Como el sábado no teníamos agenda, se nos sugirió visitar el Museo del Oro. El embajador, que no lo conocía, decidió unirse al grupo. Partimos del hotel hacia el museo, en medio de un tráfico pesado. Al rato nuestro conductor comentó: allí adelante va el embajador. Efectivamente, en medio del intenso tráfico se podía observar tres vehículos Van avanzando a velocidad: el del embajador con una escolta adelante y otra atrás.
Al aproximarnos a una esquina, cambió la luz a roja, pero nuestro carro y el escolta la rebasaron, no así el grupo del embajador que se detuvo bruscamente. Al observar que el carro del embajador se había quedado atrás, nuestro conductor frenó y llamó por radio, enterándose de que el auto del embajador había colisionado con el de su escolta delantero y no podían moverse. Nuestro conductor retrocedió rápidamente, esquivando los autos que rodeaban al del embajador. Se detuvo a prudencial distancia, mientras el embajador corría y entraba a nuestro auto, seguido por sus guardaespaldas. Con el embajador a bordo, nuestro auto partió a gran velocidad mientras uno de los guardaespaldas daba un salto y se colaba por la ventana delantera, cayendo sobre Alvarado con su rifle automático.

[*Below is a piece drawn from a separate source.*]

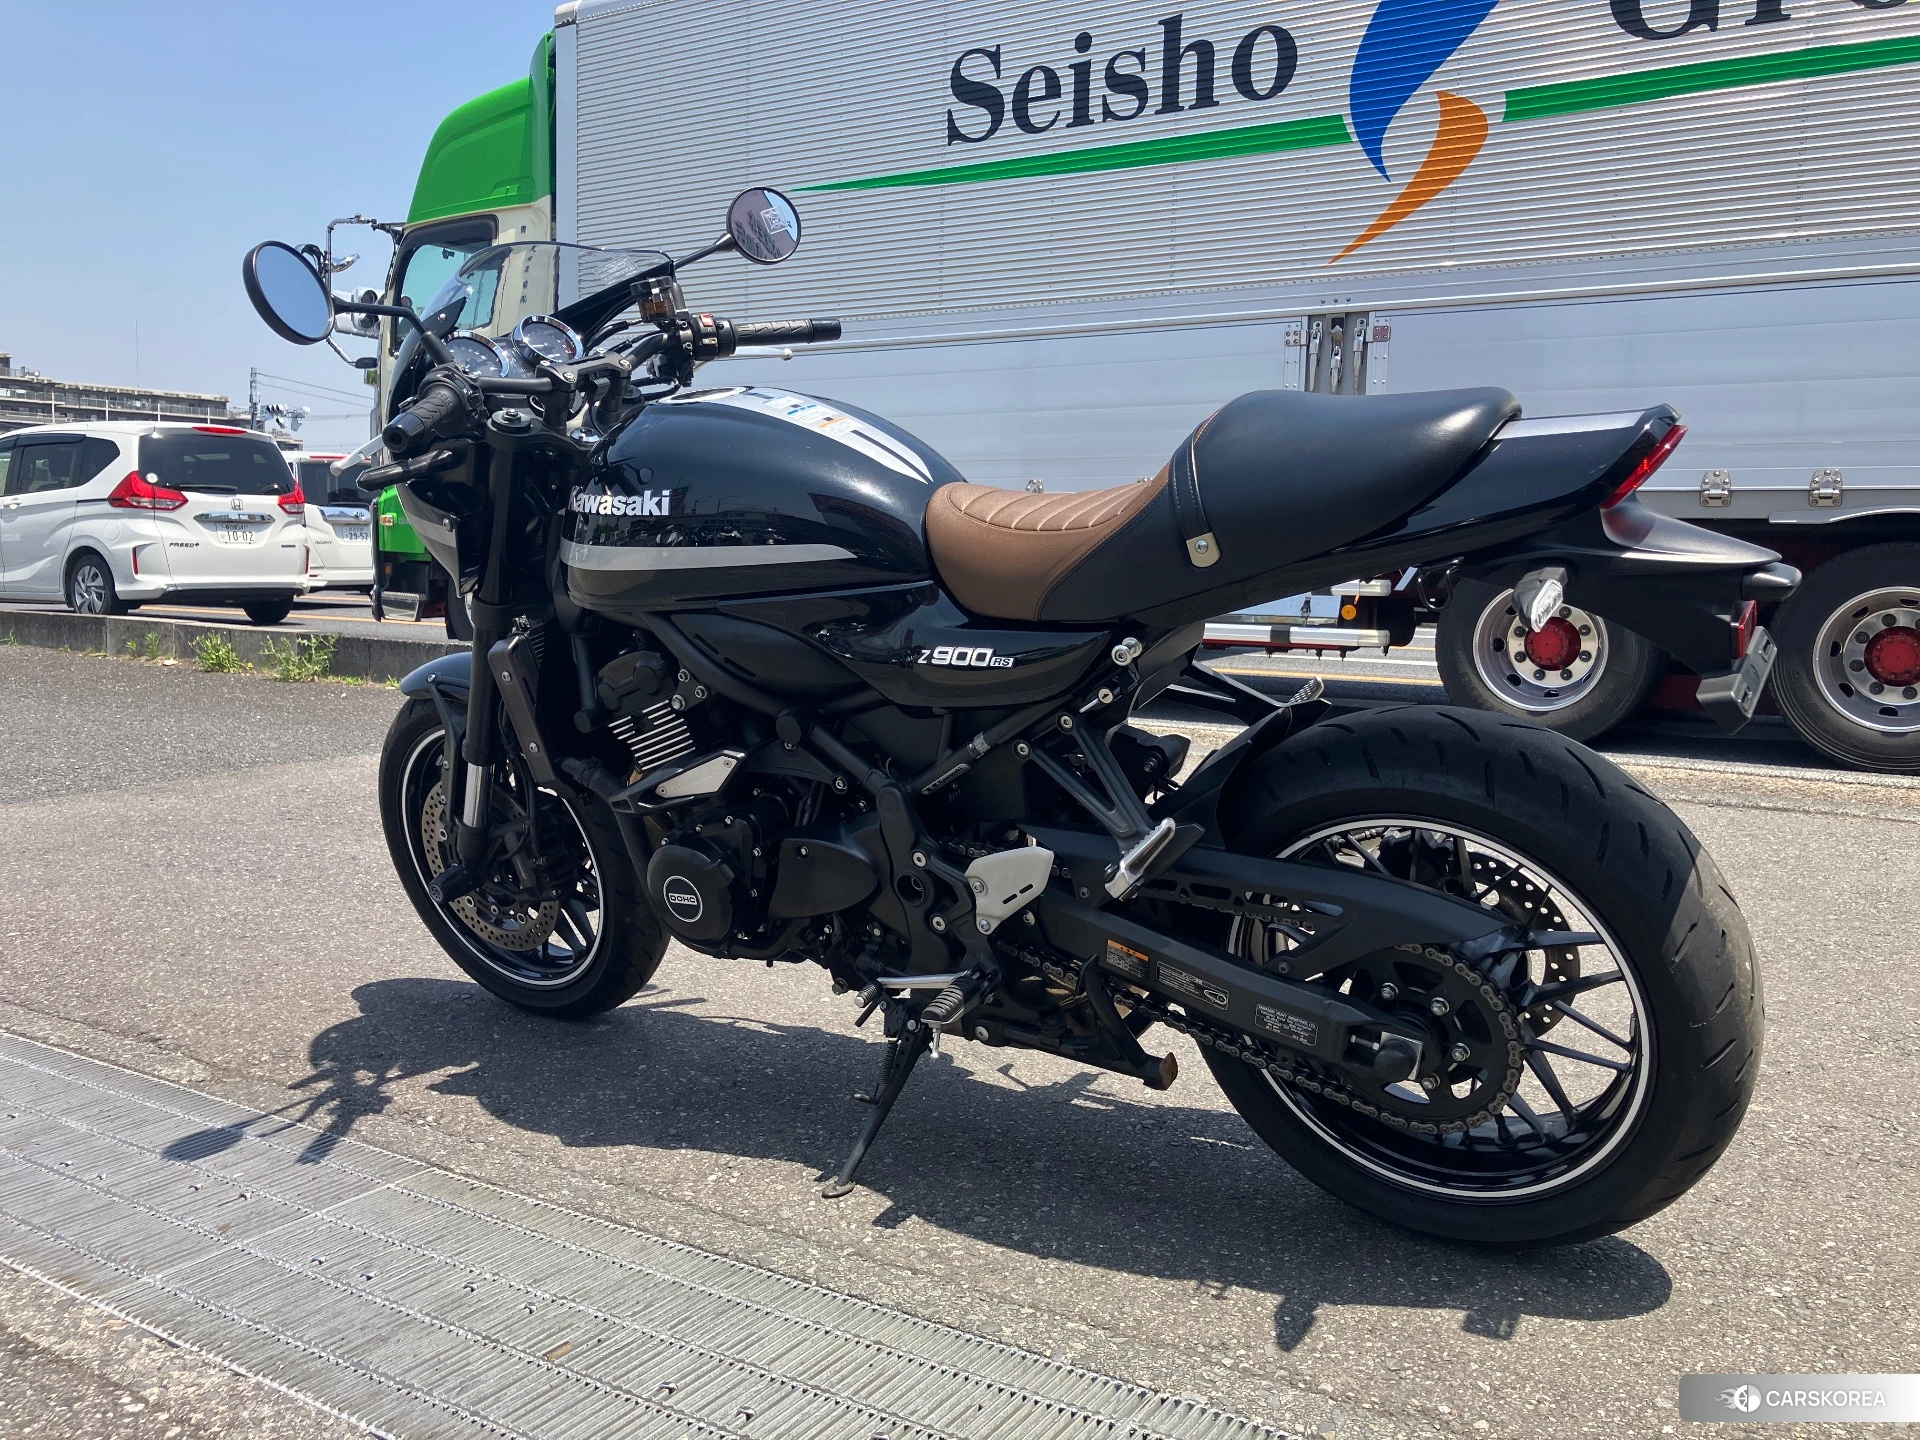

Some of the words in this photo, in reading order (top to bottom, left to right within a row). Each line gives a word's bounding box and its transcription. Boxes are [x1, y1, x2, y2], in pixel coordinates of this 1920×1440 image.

[947, 13, 1298, 146] Seisho
[568, 486, 671, 516] Kawasaki
[227, 531, 254, 541] 10-02
[670, 894, 696, 903] DOHC

Mientras todo esto ocurría, Manfredo comenzaba a recibir mensajes desde Panamá que le avisaban que Noriega había dado órdenes de apresarlo al llegar al aeropuerto. La embajada hizo los arreglos para que Manfredo viajara con nombre falso, algo prácticamente imposible con un panameño tan conocido. Al día siguiente, al registrarnos en el mostrador de COPA, la joven que atendía resultó ser panameña. "Buenos días señor Manfredo", saludó amable. "Disculpe señorita, no soy Manfredo, soy Juan Rodríguez", contestó, ante la cara de sorpresa de la joven. Finalmente llegamos a Panamá y Manfredo, conocedor del aeropuerto, se adelantó y se escabulló por la puerta que llevaba al Salón Diplomático, en donde era esperado por su chofer, que lo trasladó hasta su residencia en Balboa.
Nuestro regreso a Panamá ocurrió el 2 de diciembre de 1989; 18 días después se produciría la invasión estadounidense que depuso al dictador y al régimen que lo apoyaba.